父上、サンチョンは奉公人ではありますが、私にとっては兄のような存在でした。サンチョンもその父も我が家には誠心誠意仕えてきてくれたのに、どうして、そこまで酷いことをなさるのです。それとも、民には代わりがきくと仰るなら、使用人も同様に代わりは幾らでもいると仰せですか」
 知勇は振り絞るように言った。
「私が本当に何も知らないと思っているのですね。私は全部知っています。父上がサンチョンの妻を手籠めにしたことも、妻がそれを苦にして我が家の井戸に飛び込んで果てたことも。父上、お願いだから、今からでも遅くはない、心を入れ替えて下さい。使道というのは、この地の人々を守るのが任務ではありませんか、父上も民を労り、善政をしいて下さい」
 お願いしますと、知勇はその場に手をついて頭を垂れた。
「ふん、そなたは知るまいが、サンチョンの妻は、あのように貞淑そうな顔をしていながら、なかなかの売女だったぞ。

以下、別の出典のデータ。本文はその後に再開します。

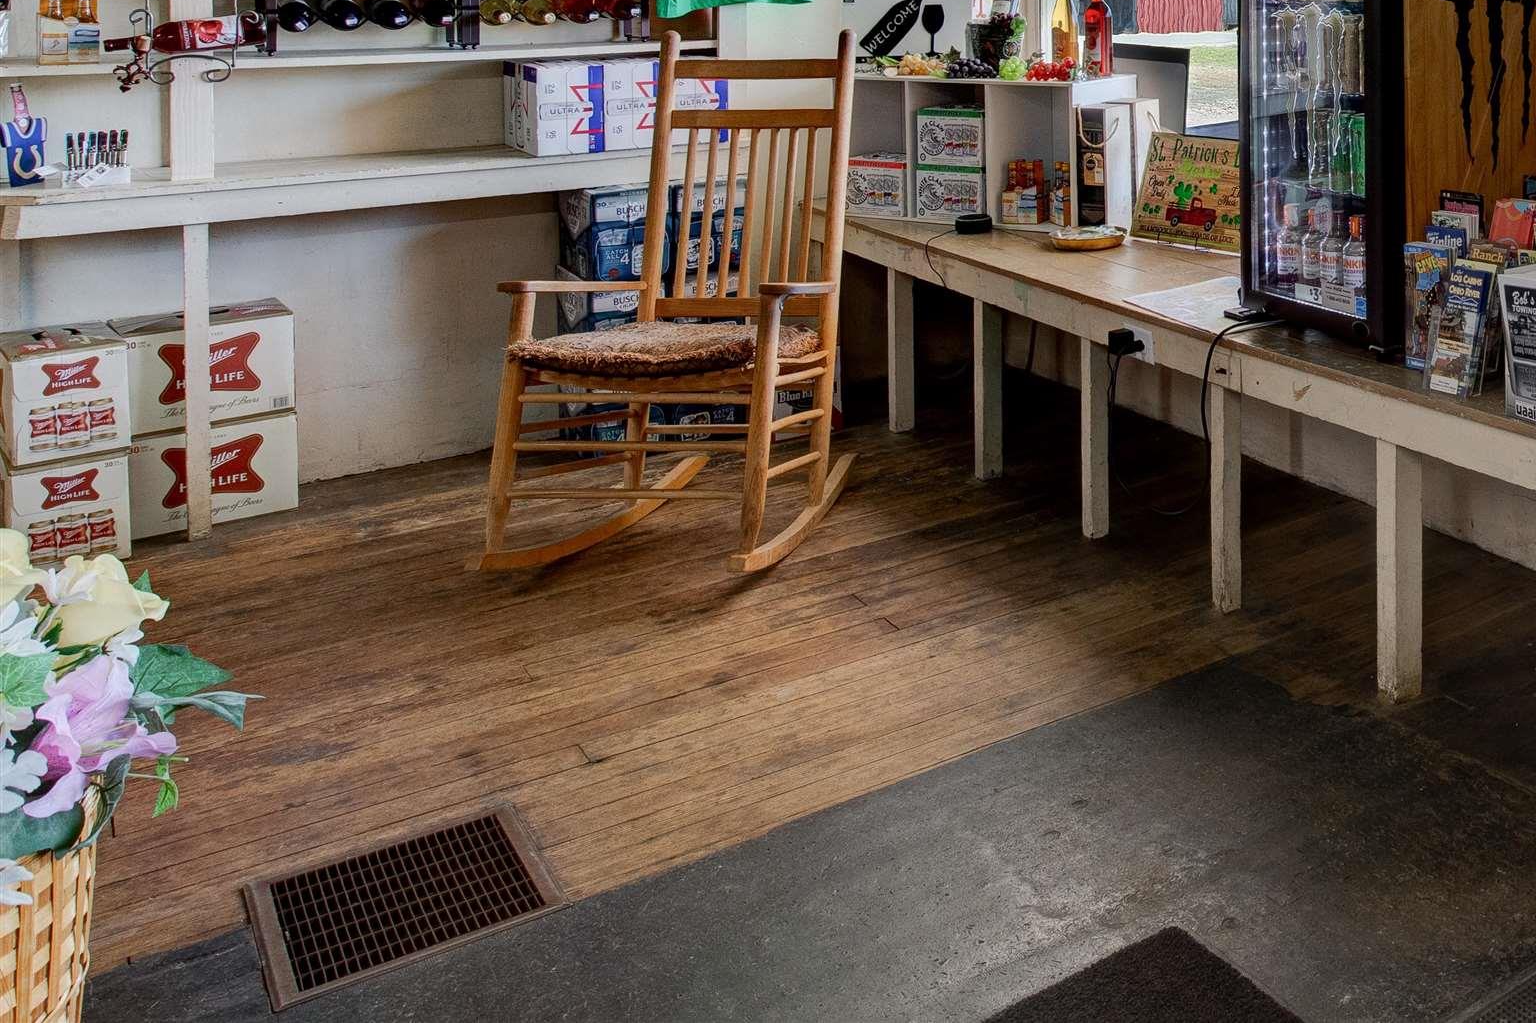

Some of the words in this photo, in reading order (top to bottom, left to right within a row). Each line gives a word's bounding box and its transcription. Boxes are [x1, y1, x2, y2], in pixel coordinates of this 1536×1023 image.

最初は流石に抵抗したものの、二度、三度と儂が抱いてやる中に、自分から歓んで身体をひらくようになりおったわ。知勇、そなたはまだ女を知らぬゆえ判るまいが、女など靡かねば、押し倒してやれば良い。最初は厭がっていても、直に抱いてやれば、歓ぶようになる。女の身体とは、そのように淫らにできておるのだ」
「父上―」
 知勇が拳を握りしめる。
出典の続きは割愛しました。